Starting at the line that holds "Some of the text", transcribe every line to the end of the data exactly; include no other lines.
====== Supplied information ======
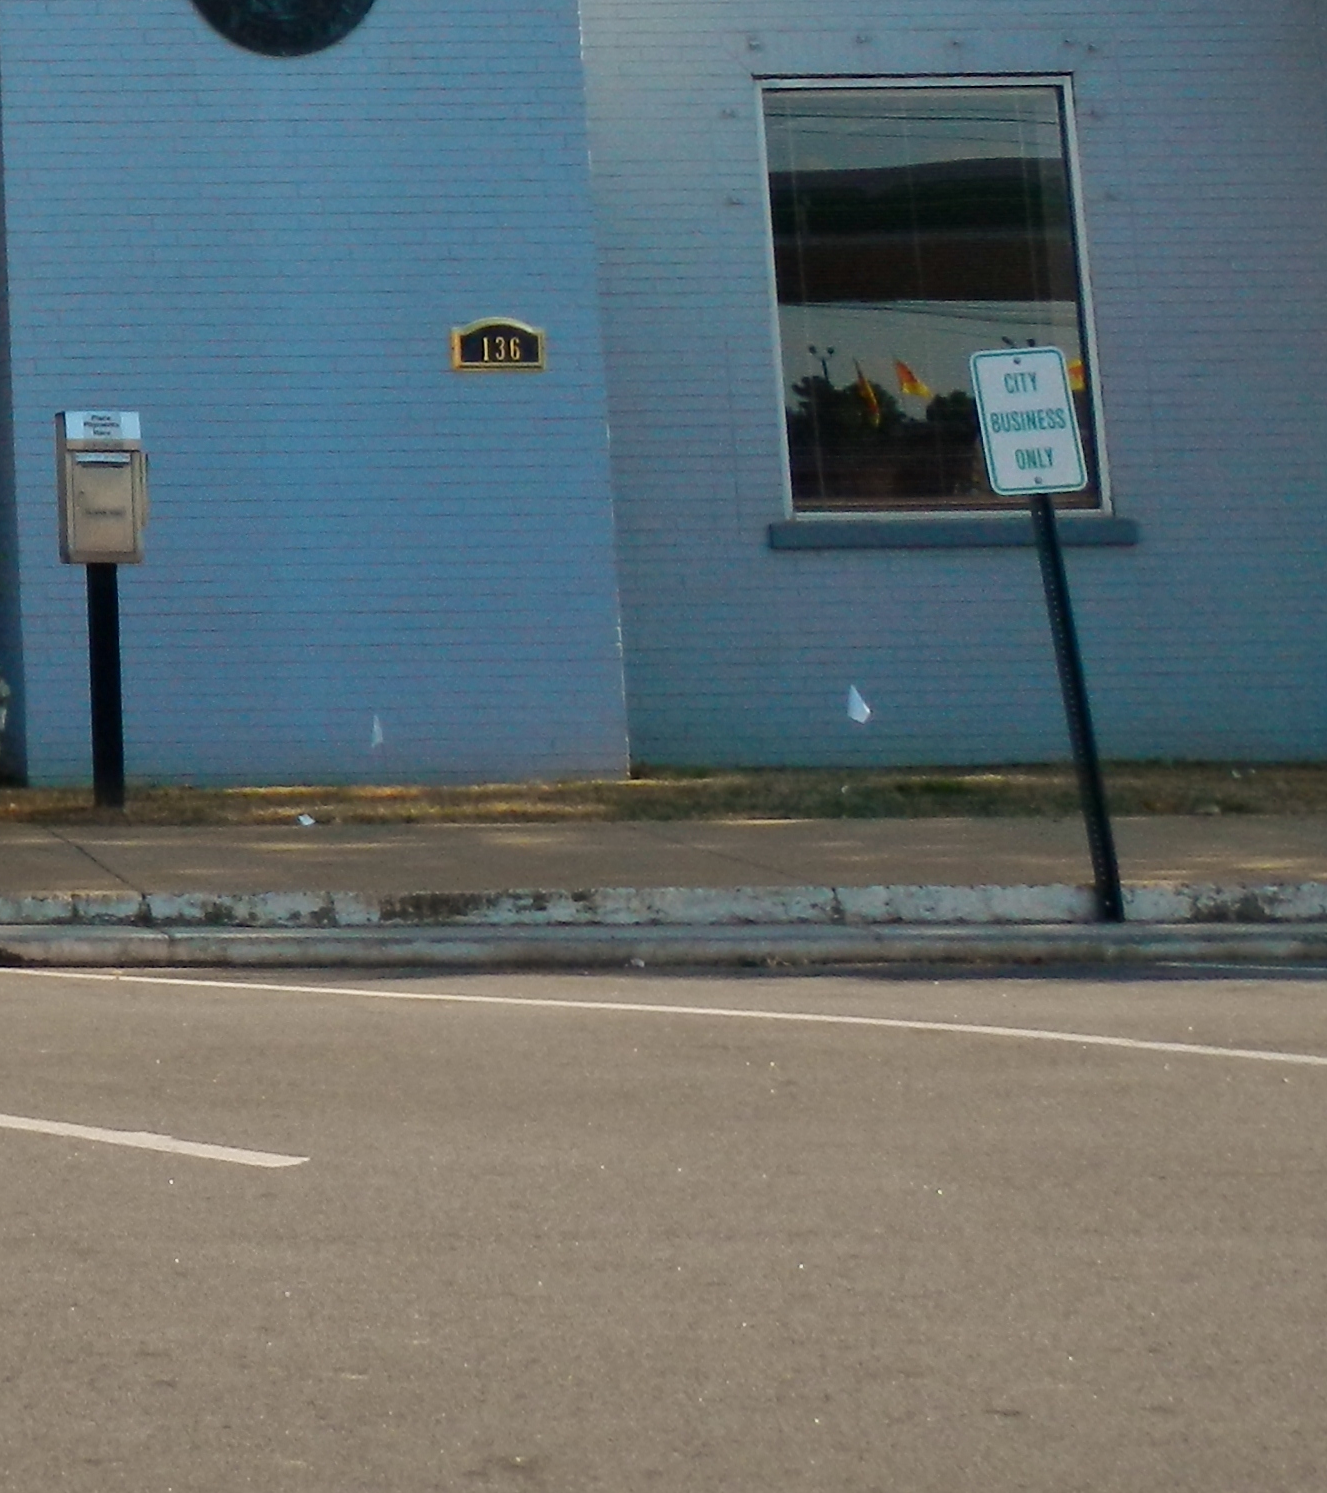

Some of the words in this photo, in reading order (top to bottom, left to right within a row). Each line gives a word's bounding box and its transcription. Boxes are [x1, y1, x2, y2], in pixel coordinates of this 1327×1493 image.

[483, 336, 521, 361] 136
[1004, 373, 1037, 394] CITY
[990, 408, 1067, 433] BUSINESS
[1015, 447, 1054, 470] ONLY
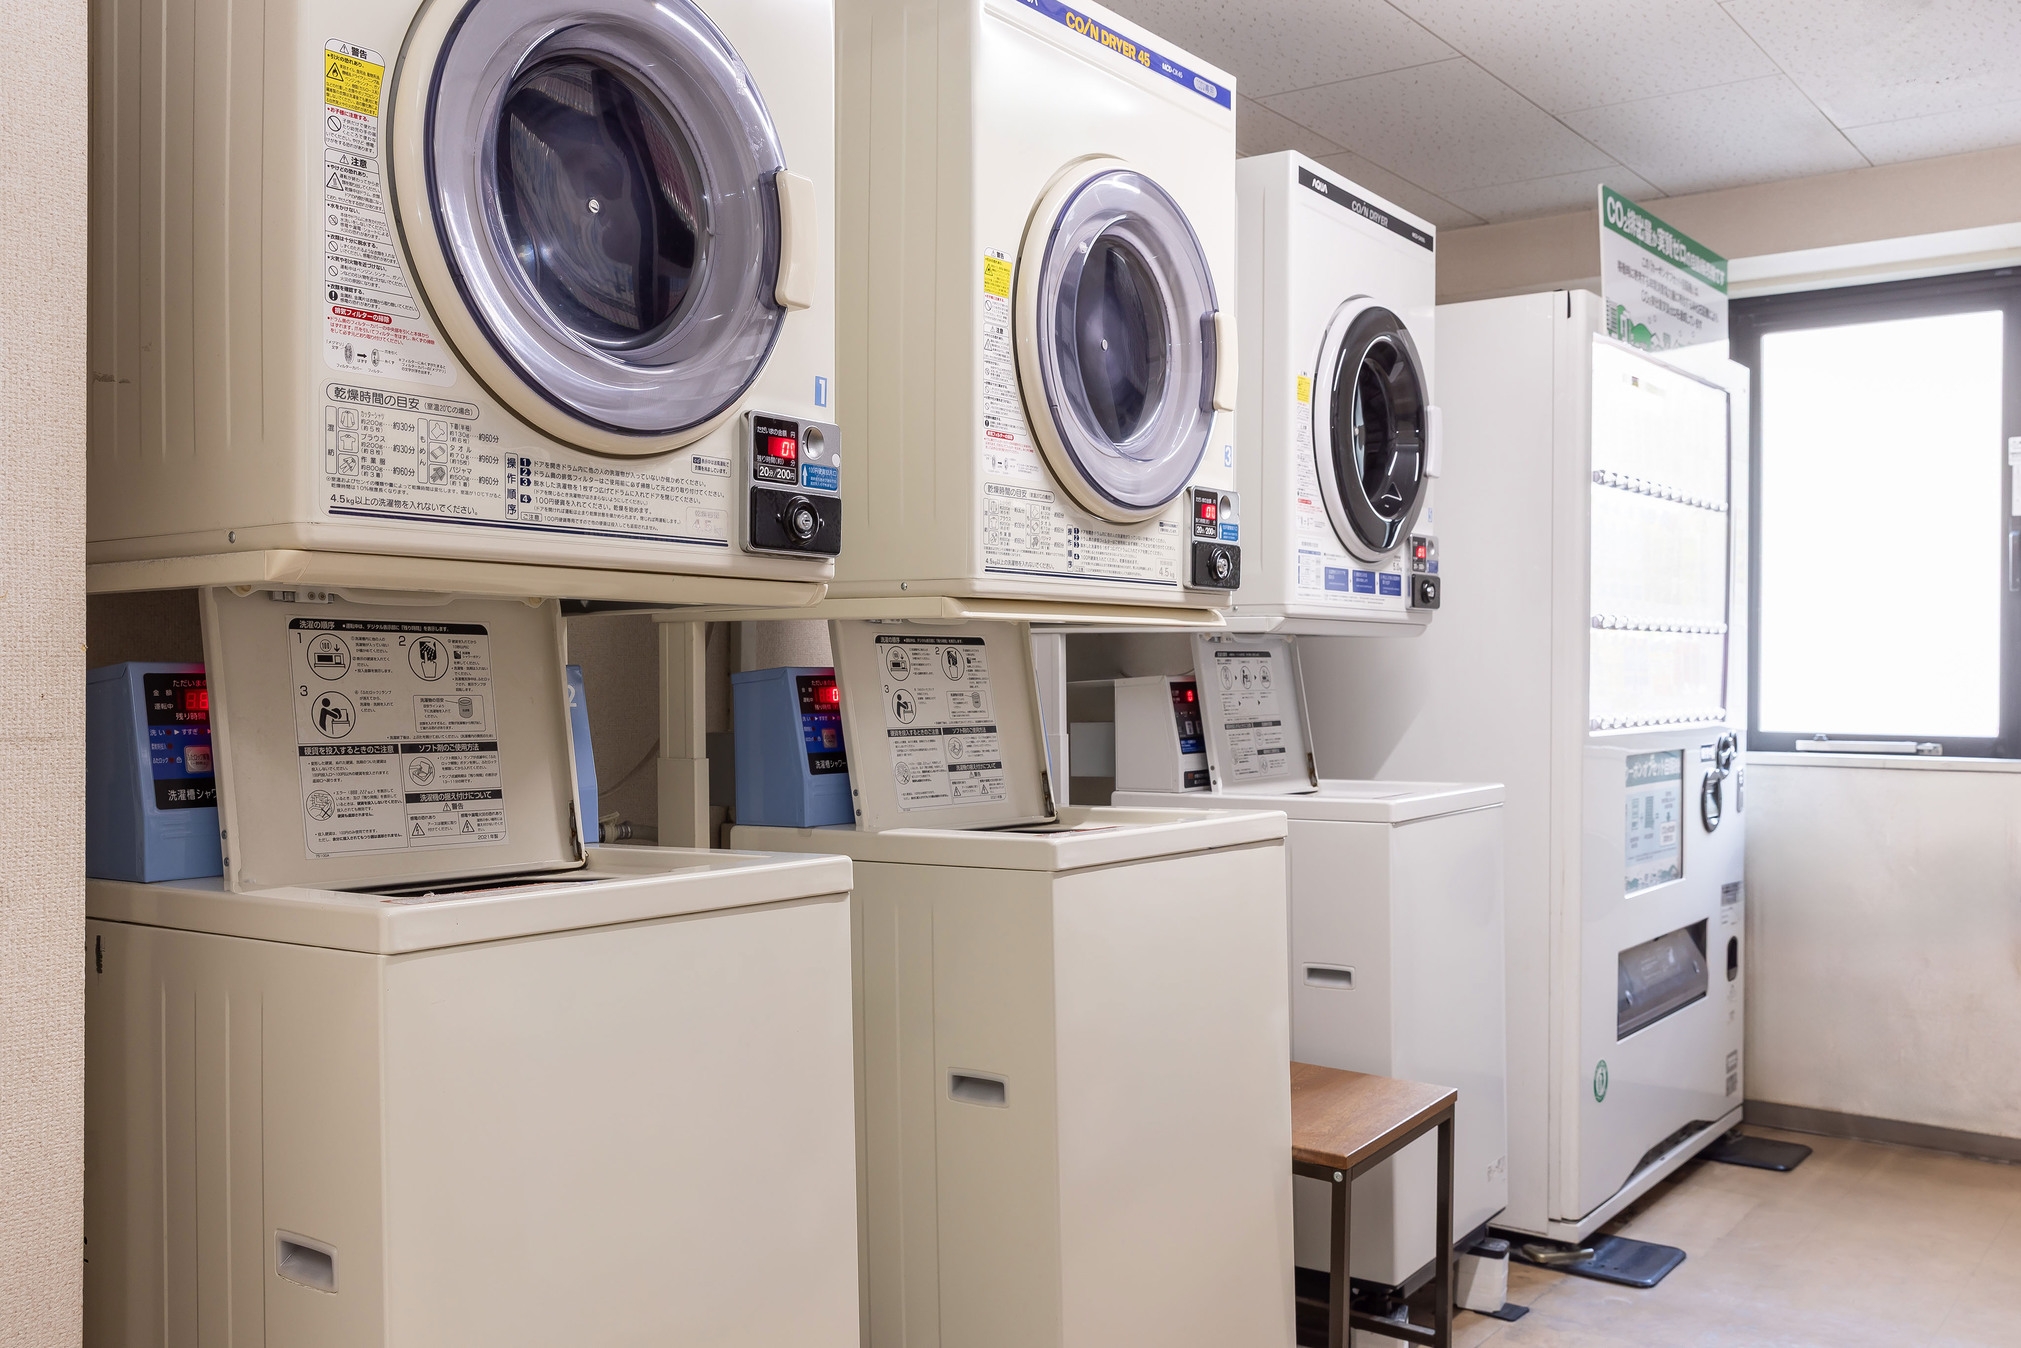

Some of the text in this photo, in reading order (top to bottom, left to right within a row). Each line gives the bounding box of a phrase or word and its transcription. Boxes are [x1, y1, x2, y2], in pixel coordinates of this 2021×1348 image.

[351, 46, 367, 60] 警告
[1101, 30, 1137, 61] DRYER
[1138, 50, 1150, 68] 45
[330, 107, 369, 122] お子様に注意する。
[351, 156, 367, 169] 注意
[330, 203, 360, 215] 水をかけない。
[330, 234, 378, 249] 衣類は十分に脱水する。
[334, 306, 390, 323] 排気フィルターの掃除
[334, 386, 420, 411] 乾燥時間の目安
[393, 421, 416, 432] 約30分
[361, 433, 386, 443] ブラウス
[478, 432, 500, 444] 約60分
[393, 444, 416, 455] 約30分
[419, 435, 427, 467] もめん
[450, 444, 472, 453] タオル
[478, 454, 500, 465] 約60分
[393, 467, 416, 477] 約60分
[449, 465, 472, 475] パジャマ
[478, 476, 500, 487] 約60分
[507, 457, 517, 516] 操作順序
[330, 493, 478, 516] 4.5kg以上の洗濯物を入れないでください。
[299, 620, 335, 630] 洗濯の順序
[398, 635, 407, 646] 2
[299, 685, 309, 697] 3
[567, 684, 577, 708] 2
[304, 746, 394, 756] 硬貨を投入するときのご注意
[418, 742, 480, 752] ソフト剤のご使用方法
======
§ **Response box**:
Some of the text in this photo, in reading order (top to bottom, left to right within a row). Each line gives the bounding box of a phrase or word and its transcription. Boxes are [x1, y1, x2, y2], in pixel coordinates of this 2021×1348 image.

[351, 46, 367, 60] 警告
[1101, 30, 1137, 61] DRYER
[1138, 50, 1150, 68] 45
[330, 107, 369, 122] お子様に注意する。
[351, 156, 367, 169] 注意
[330, 203, 360, 215] 水をかけない。
[330, 234, 378, 249] 衣類は十分に脱水する。
[334, 306, 390, 323] 排気フィルターの掃除
[334, 386, 420, 411] 乾燥時間の目安
[393, 421, 416, 432] 約30分
[361, 433, 386, 443] ブラウス
[478, 432, 500, 444] 約60分
[393, 444, 416, 455] 約30分
[419, 435, 427, 467] もめん
[450, 444, 472, 453] タオル
[478, 454, 500, 465] 約60分
[393, 467, 416, 477] 約60分
[449, 465, 472, 475] パジャマ
[478, 476, 500, 487] 約60分
[507, 457, 517, 516] 操作順序
[330, 493, 478, 516] 4.5kg以上の洗濯物を入れないでください。
[299, 620, 335, 630] 洗濯の順序
[398, 635, 407, 646] 2
[299, 685, 309, 697] 3
[567, 684, 577, 708] 2
[304, 746, 394, 756] 硬貨を投入するときのご注意
[418, 742, 480, 752] ソフト剤のご使用方法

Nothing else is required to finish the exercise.